Usando o discurso da segurança pública, em um futuro remoto (no entanto, mais próximo do que se imagina), o governo de Reykjavík está organizando um plebiscito para decidir se a população será submetida compulsoriamente a um teste de empatia. Querem prever comportamentos antissociais, crimes e movimentos contrários aos interesses do Estado. Em outras palavras, essa consulta popular é um mecanismo de dominação sobre os indivíduos.
O enredo de A Marcação (Editora Fósforo, 2023), romance da escritora islandesa Fríđa Ísberg, mostra a gênese do autoritarismo. A cadela do fascismo sempre está no cio, como dizia Bertolt Brecht. E nunca perde a oportunidade para reprimir o direito à diversidade, à discordância, à liberdade. Ambicionam estabelecer uma linha de conduta que apresenta soluções simplistas para problemas complexos. Isso significa que algumas decisões políticas (movidas por interesses outros que fogem da percepção imediata dos eleitores) são instrumentos corrosivos da democracia.
Aqueles que não forem aprovados no teste precisam ser “reprogramados” através de consultas com psicólogos e o uso de algumas drogas legalizadas.
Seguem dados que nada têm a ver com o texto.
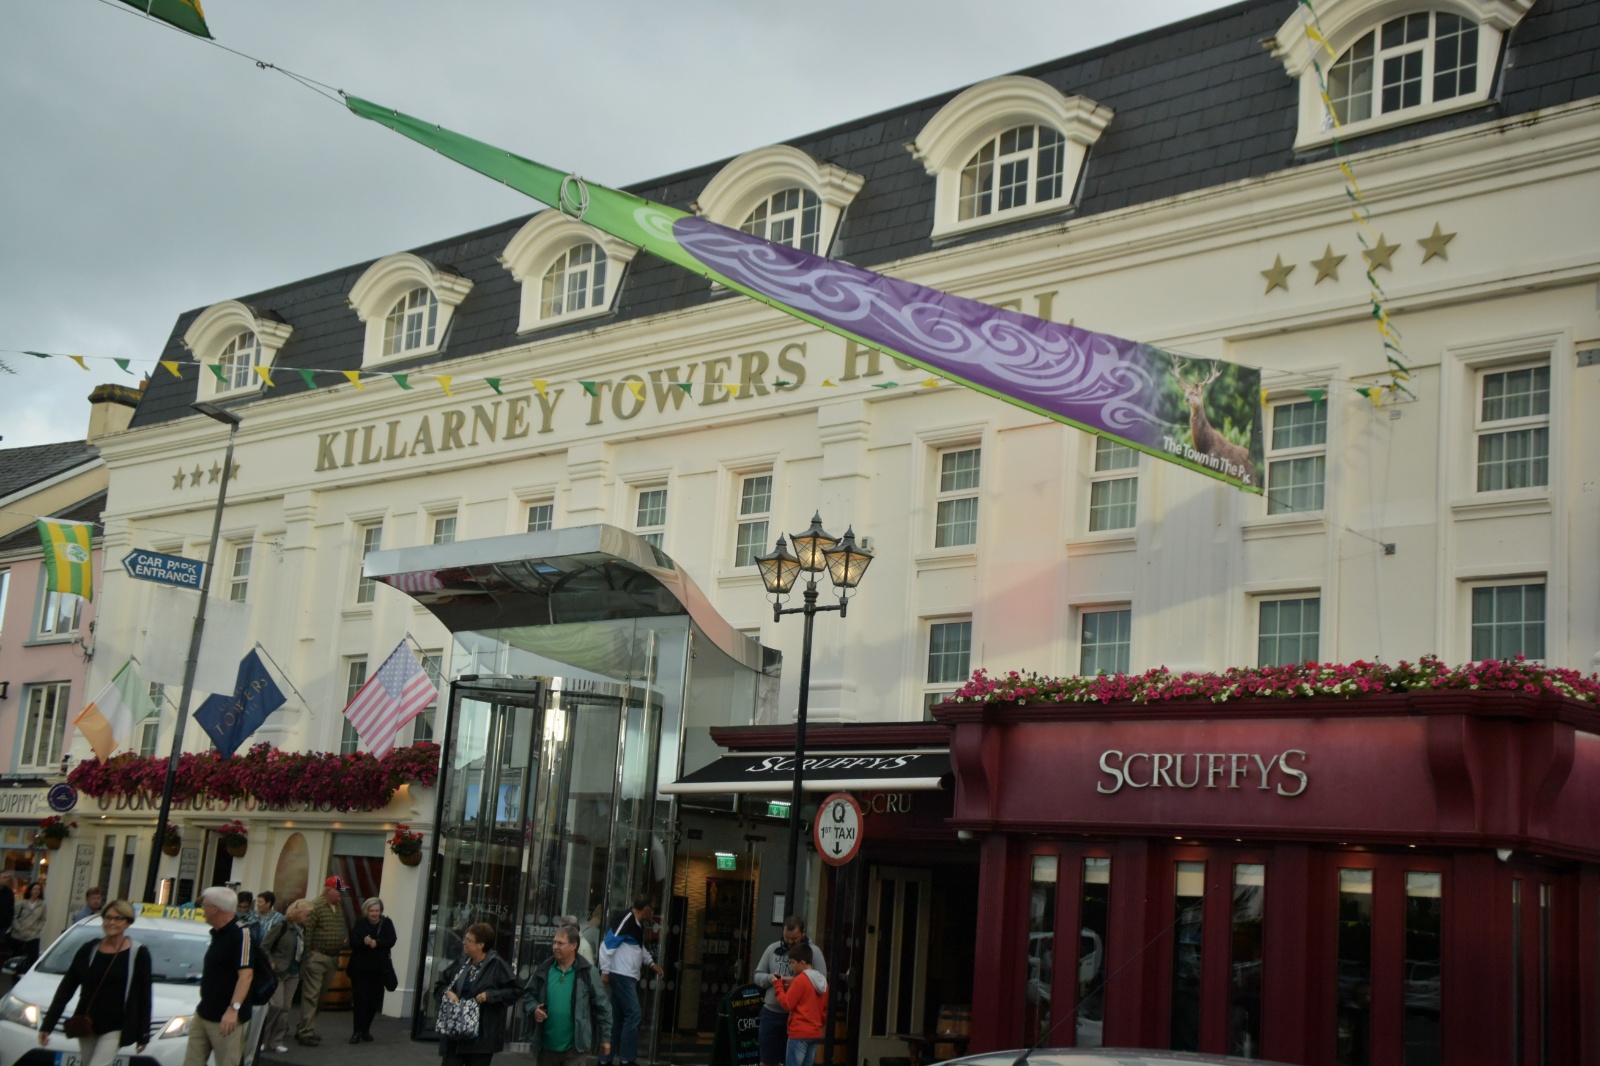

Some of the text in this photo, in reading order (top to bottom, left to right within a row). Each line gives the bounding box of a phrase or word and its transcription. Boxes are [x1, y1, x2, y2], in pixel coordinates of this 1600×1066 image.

Trata-se de uma forma “mais civilizada” de domesticar os dissidentes e de trazê-los para a “normalidade”. Em lugar de mandá-los para a Sibéria, as clinicas de reabilitação.
O argumento mais importante dos defensores do plebiscito apresenta como prioridade o controle das taxas de criminalidade. Sintomaticamente, esse é o seu ponto mais frágil. Os índices criminais na Islândia são quase insignificantes. Em 2022, cerca de 200 pessoas estavam encarceradas (segundo o Banco Mundial, a população da Islândia, na mesma data, era de 382.003 pessoas). No entanto, o medo coletivo é mais forte do que a racionalidade. E todos aqueles, individualmente ou de forma coletiva, que se opõem a esse projeto repressivo são considerados inimigos. Essas pessoas, de uma forma ou de outra, precisam ser "resgatadas" para que prevaleça a ordem social – ou seja, a norma jurídica.
Algumas questões vão sendo reveladas no decorrer das 272 páginas do livro. E muitas delas são derivadas do organismo econômico. A especulação imobiliária aparece como um dos fatores de segregação. Áreas “seguras” (monitorizadas pela polícia) são valorizadas pelo mercado. Nas regiões que se mostram contrárias ao plebiscito, muitos imóveis não despertam a atenção de quem necessita de moradia. Todos desejam morar em lugares que não ofereçam perigo. Consequentemente, os índices de adesão ao plebiscito aumentam. Simultaneamente, essa política territorial aumenta o processo de gentrificação (expulsão dos moradores originais para locais afastados e que não contam com planejamento urbano eficaz).
A evasão escolar, o uso de drogas ilegais, a ausência de vínculos afetivos e despersonalização imposta pela sociedade tecnológica são outros problemas apontados em um mecanismo social que propõe o bem-estar do cidadão, mas que adota a opressão diária como elemento de uniformização das práticas cotidianas.
Os que discordam da proposta governamental precisam encontrar algum tipo de trabalho não qualificado e que esteja fora da zona de influência do Estado. E isso, obviamente, origina outras formas de exploração da mão-de-obra.
É essa
situação política, de visível inspiração da extrema direita, que o romance
denuncia, embora o tema não seja novo. A Marcação possui semelhanças com o conto Minority Report, de Philip K. Dick (a versão cinematográfica, Minority
Report – a nova lei, com Tom Cruise, foi dirigida por Steve Spielberg em 2002).